Forty-six percent claimed preparing for disaster or disruption had always been that important, while 18 percent said it had become more critical since the terrorist attacks of 11 September, 2001. A not inconsiderable portion (28 percent) had actually had first hand experience of a disaster or severe disruption to their systems.

"Business continuity is securely up there as a board level issue," said Gareth Lofthouse, research director at EIU. His organisation's findings show, however, that despite the board's fine words, business continuity is not being implemented effectively.

The EIU's study was global, but the UK picture may be even worse, said Lofthouse. "The US are a bit more focussed on this issue," he said. "Forty-six percent of US respondents said continuity was a priority, against 25 percent in the UK. It is possible that the British are a bit more measured, and showing reserve about the issue."
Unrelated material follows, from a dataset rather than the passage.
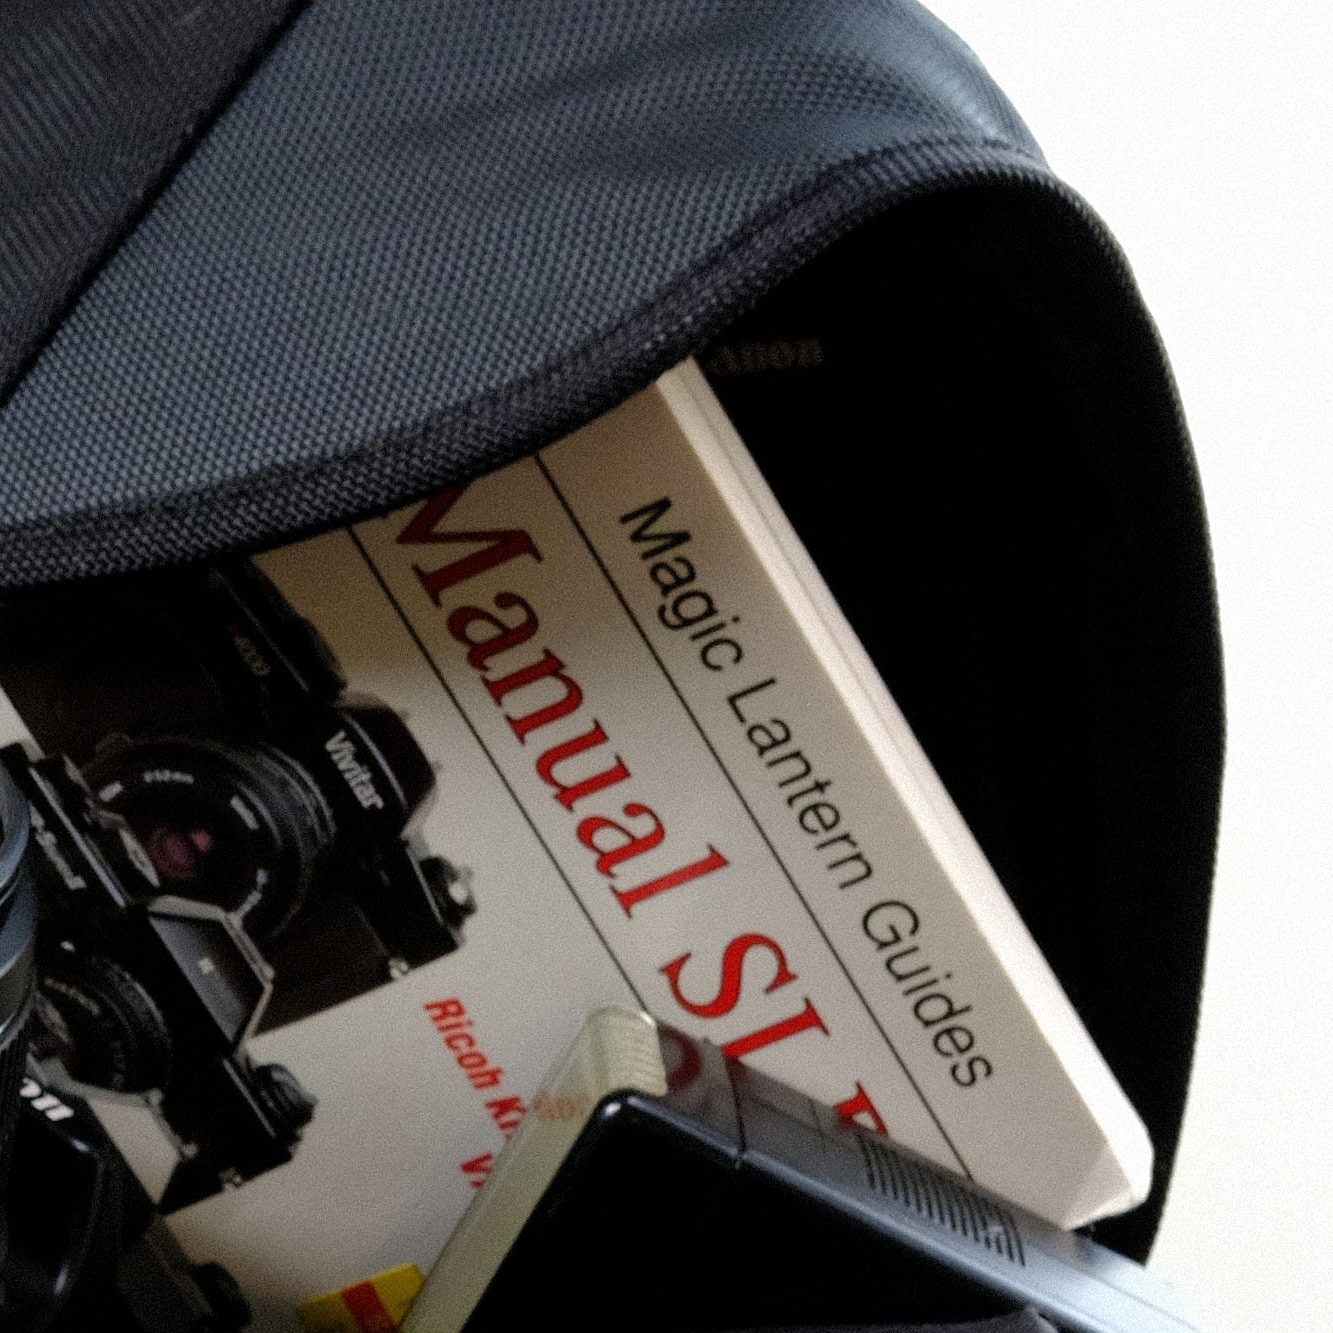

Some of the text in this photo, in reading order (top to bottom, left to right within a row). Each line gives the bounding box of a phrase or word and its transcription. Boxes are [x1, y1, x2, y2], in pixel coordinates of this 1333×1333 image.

The EIU found no clear ideas about who should be responsible for business continuity. "Every man and their dog is in charge," said Lofthouse. "There is no clear single function — and business continuity is often bolted onto someone's full time job."

Nine percent of the companies surveyed had a dedicated business continuity manager, though Lofthouse judges that more than half were large enough to justify such a post. The rest dumped the business continuity function on other people: the CFO (19 percent), the CIO (14 percent) and others including the corporate planning officer and chief risk officer.

Companies that fail to get business continuity in place face a much more certain doom than earthquake, fire or terrorist activity, warned Lofthouse. "Regulations such as Sarbanes-Oxley and Basel 2 require companies to prove that certain processes are protected and recoverable," he warned. "That's more predictable than a tsunami or a 9/11."

Other mundane disasters might include the loss of business with a major customer. Rover's business partners should have had a plan in place, said Lofthouse, as should Marconi, which recently failed to win a BT contract on which it was relying.

The only bright spot is that financial-services companies, who have faced these regulations first, are the most advanced at formalising continuity plans, said Lofthouse.

"The Bank of New York is a good example," he said. "They have invested a lot in business continuity, and created a sophisticated strategy. They are doing testing and pursuing geographical diversity." The Bank had to evacuate 8,000 people after 9/11, he explained, and get their processes back immediately. "They've vowed never again to have this concentration of resources in one centre."